Tex Med. 2017;113(2):31-36.

By Herbert L. DuPont, MD

Emerging and reemerging infections have become prevalent in the United States since the 1970s, causing illness, death, and fear among the public. The published literature was reviewed to offer a perspective on risk factors for disease acquisition and to allow a prediction of the next microbial assault after Ebola and Zika. Four well-integrated factors likely will contribute simultaneously: animals colonized or infected by pathogens capable of human transmission, microbes recurrently changing their virulence, a growing number of susceptible people, and climatic and environmental factors encouraging disease transmission. The next pathogen likely to emerge in an important way in the United States is a new mutant virus arising from a well-established RNA virus family. Standard public health principles, including monitoring general populations for disease, developing new reagents as pathogens arise, implementing control efforts such as effective antibiotic stewardship programs, and vaccine development and administration will minimize damage from the emerging organisms.  

Introduction

Infectious diseases have been important causes of suffering and death throughout history, with intermittent pandemics that produced millions of deaths. In recent years in Western countries, we continue to see emerging infectious diseases with origins in tropical and semitropical regions with less dramatic health impact for general populations. In this review, we will look at the factors important in emergence and reemergence and consider the role played by animals in human infections. Prediction of the next disease epidemics will be made along with thoughts about critical public health efforts needed to control future infectious disease threats.

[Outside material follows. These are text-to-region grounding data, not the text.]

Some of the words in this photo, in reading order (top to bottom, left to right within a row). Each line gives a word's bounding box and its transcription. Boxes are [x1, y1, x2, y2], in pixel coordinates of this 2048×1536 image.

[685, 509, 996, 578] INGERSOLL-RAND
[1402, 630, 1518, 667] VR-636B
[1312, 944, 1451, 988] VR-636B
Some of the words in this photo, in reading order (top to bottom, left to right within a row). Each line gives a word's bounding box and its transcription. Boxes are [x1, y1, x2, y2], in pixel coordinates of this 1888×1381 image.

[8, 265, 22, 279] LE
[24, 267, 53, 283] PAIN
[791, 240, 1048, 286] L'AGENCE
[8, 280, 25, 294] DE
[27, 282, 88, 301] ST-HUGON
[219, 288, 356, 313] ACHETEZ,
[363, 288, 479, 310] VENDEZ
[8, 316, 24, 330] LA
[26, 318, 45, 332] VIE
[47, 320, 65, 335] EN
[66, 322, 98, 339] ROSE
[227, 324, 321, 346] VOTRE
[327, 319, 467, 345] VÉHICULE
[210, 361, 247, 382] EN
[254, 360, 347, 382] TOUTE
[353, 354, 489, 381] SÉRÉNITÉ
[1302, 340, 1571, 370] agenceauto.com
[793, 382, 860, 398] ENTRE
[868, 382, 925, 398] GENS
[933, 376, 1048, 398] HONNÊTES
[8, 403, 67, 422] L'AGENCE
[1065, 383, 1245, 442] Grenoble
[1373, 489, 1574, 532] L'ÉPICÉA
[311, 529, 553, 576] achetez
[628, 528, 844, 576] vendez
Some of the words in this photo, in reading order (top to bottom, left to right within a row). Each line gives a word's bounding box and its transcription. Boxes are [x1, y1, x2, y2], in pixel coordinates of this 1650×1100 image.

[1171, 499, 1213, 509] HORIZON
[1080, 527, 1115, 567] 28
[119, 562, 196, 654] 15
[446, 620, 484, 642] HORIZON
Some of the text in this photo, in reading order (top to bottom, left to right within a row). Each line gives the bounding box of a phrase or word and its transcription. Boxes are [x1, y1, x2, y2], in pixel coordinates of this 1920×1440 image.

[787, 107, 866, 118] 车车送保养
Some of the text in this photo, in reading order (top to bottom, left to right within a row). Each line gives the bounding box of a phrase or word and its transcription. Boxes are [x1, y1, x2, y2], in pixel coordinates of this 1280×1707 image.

Infectious Diseases in Evolution

An important concept in the history of infectious diseases is that first societal exposure to a virulent microbe may have greater health implications than disease from endemic microorganisms. The indigenous populations of Aztecs in Mexico and Incas in Peru lived isolated from other groups. In the early 1500s, Hernando Cortes and Francisco Pizarro and their men and other European colonialists coming from complex integrated societies brought with them smallpox, measles, and other infectious agents to the susceptible Native American populations, resulting in high rates of disease and devastation.1

Measles virus arrived in the Hawaiian Islands for the first time in 1848, killing 10 percent to 33 percent of the native population.2 During 1918–19, a new pandemic strain of H1N1 influenza virus of avian origin killed 20 million people worldwide. When the Apollo flights of 1963–72 returned to Earth from the moon, the astronauts were trapped and observed in NASA trailers for three weeks to prevent importation of lunar microbes to susceptible populations on earth. The mobile unit used is on display in the Smithsonian Institute in Washington, D.C.3

In the early 20th century, advances in water quality, sanitation, vaccines, antibiotics, and reduced fertility rate in the western world were associated with an apparent reduction in serious infections, leading to an era of optimism about the future burden of infectious diseases. Things began to change when the American Legion held its three-day annual meeting at the Bellevue-Stratford Hotel in Philadelphia in 1976. The same year, an outbreak of Ebola virus infection occurred in the Democratic Republic of Congo, followed by the first cases of AIDS in 1981 followed a global increase in multidrug-resistant tuberculosis. Group A Streptococcus pyogenes invasive disease emerged in the mid-1980s. 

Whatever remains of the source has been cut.